→ Data section
*** Begin section ***

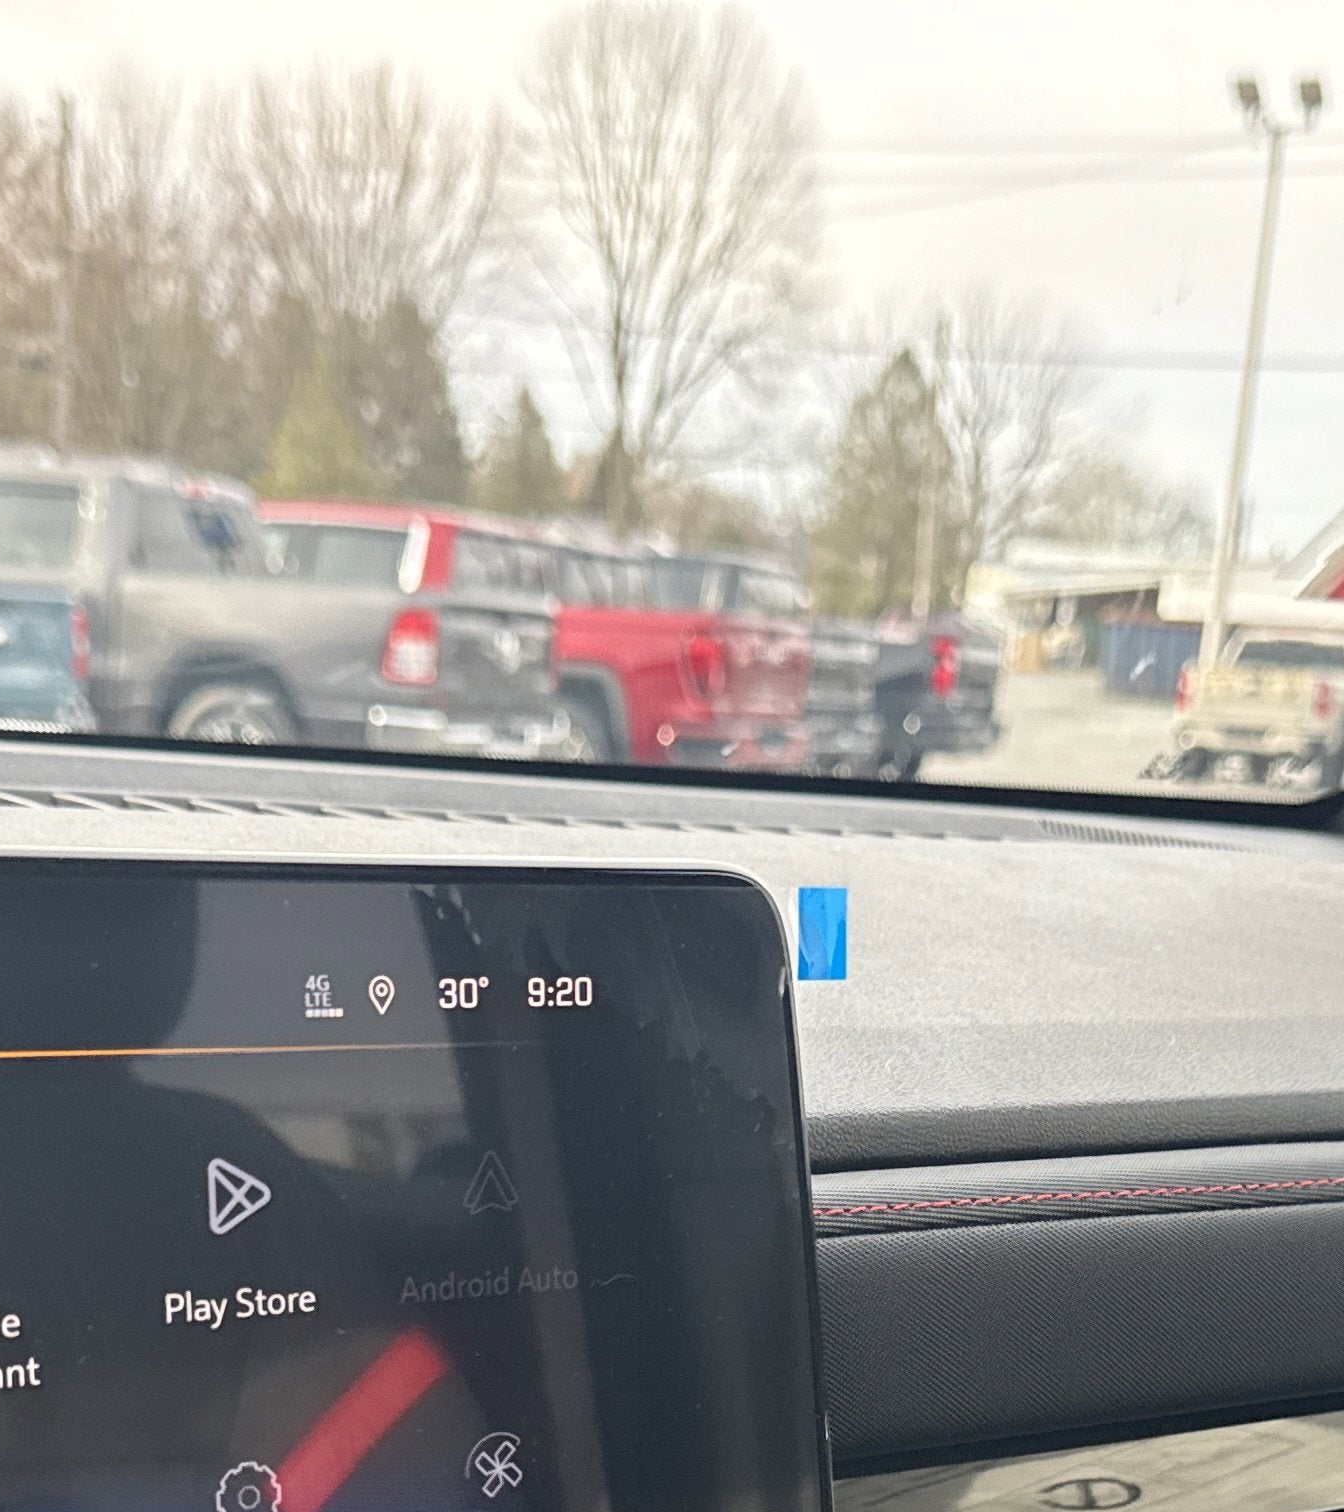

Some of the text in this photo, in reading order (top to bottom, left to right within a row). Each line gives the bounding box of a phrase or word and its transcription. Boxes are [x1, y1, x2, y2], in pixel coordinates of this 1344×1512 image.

[305, 974, 330, 991] 4G
[527, 976, 593, 1007] 9:20
[304, 991, 333, 1008] LTE
[400, 1265, 578, 1303] Android Auto
[163, 1286, 317, 1330] Play Store
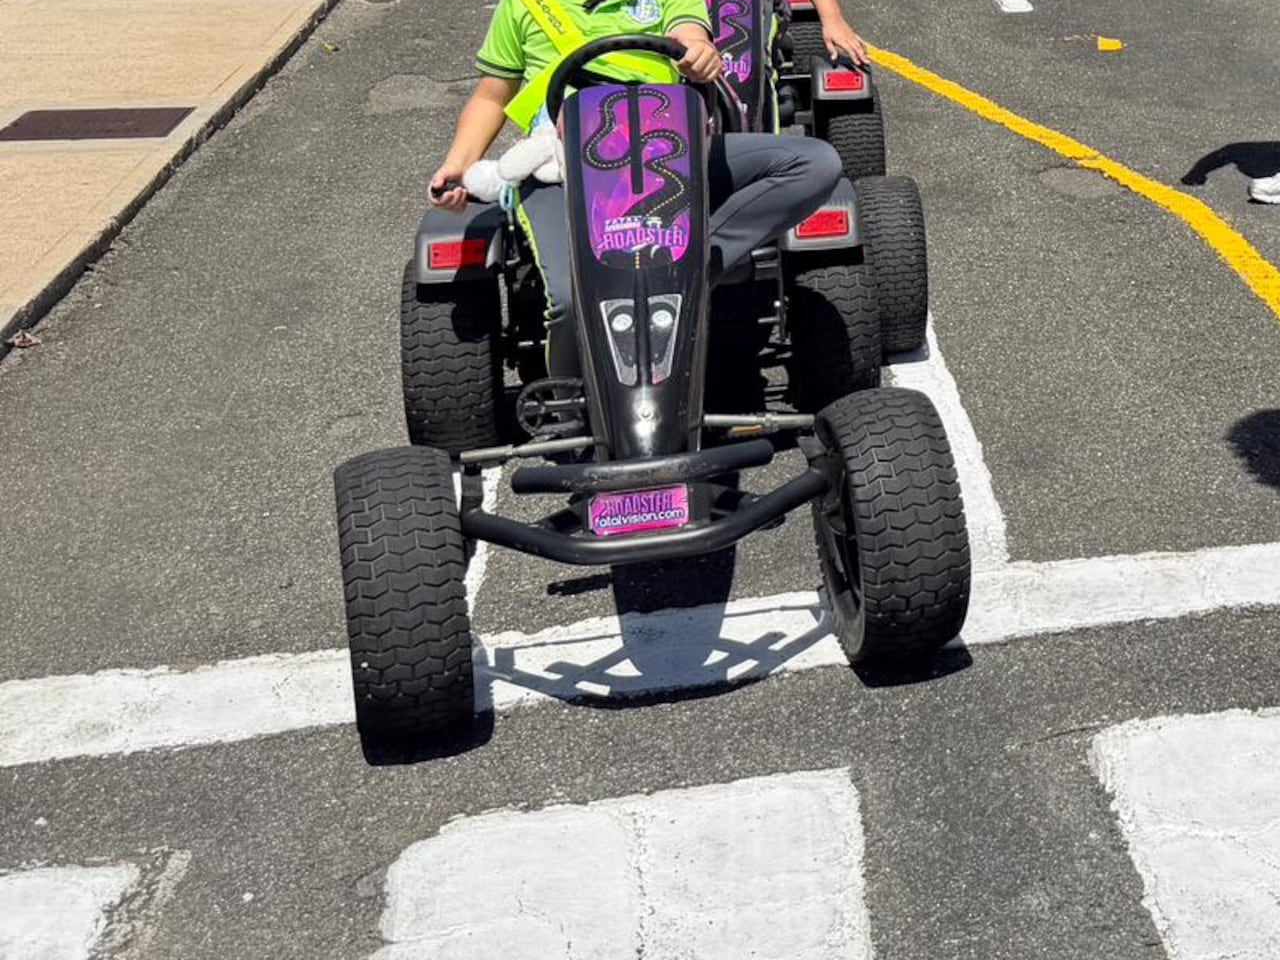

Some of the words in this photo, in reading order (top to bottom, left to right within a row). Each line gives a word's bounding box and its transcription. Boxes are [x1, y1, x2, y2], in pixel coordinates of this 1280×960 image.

[597, 227, 684, 250] ROADSTER
[602, 492, 673, 516] ROADSTER
[594, 507, 684, 528] fatalvision.com

*** End section ***

→ Work instructions
Copy the listing exactly. Any image in it stays out of the copy.

→ Answer to this problem
Some of the text in this photo, in reading order (top to bottom, left to right within a row). Each line gives the bounding box of a phrase or word and its transcription. Boxes are [x1, y1, x2, y2], in pixel coordinates of this 1344×1512 image.

[305, 974, 330, 991] 4G
[527, 976, 593, 1007] 9:20
[304, 991, 333, 1008] LTE
[400, 1265, 578, 1303] Android Auto
[163, 1286, 317, 1330] Play Store

Some of the words in this photo, in reading order (top to bottom, left to right within a row). Each line gives a word's bounding box and its transcription. Boxes are [x1, y1, x2, y2], in pixel coordinates of this 1280×960 image.

[597, 227, 684, 250] ROADSTER
[602, 492, 673, 516] ROADSTER
[594, 507, 684, 528] fatalvision.com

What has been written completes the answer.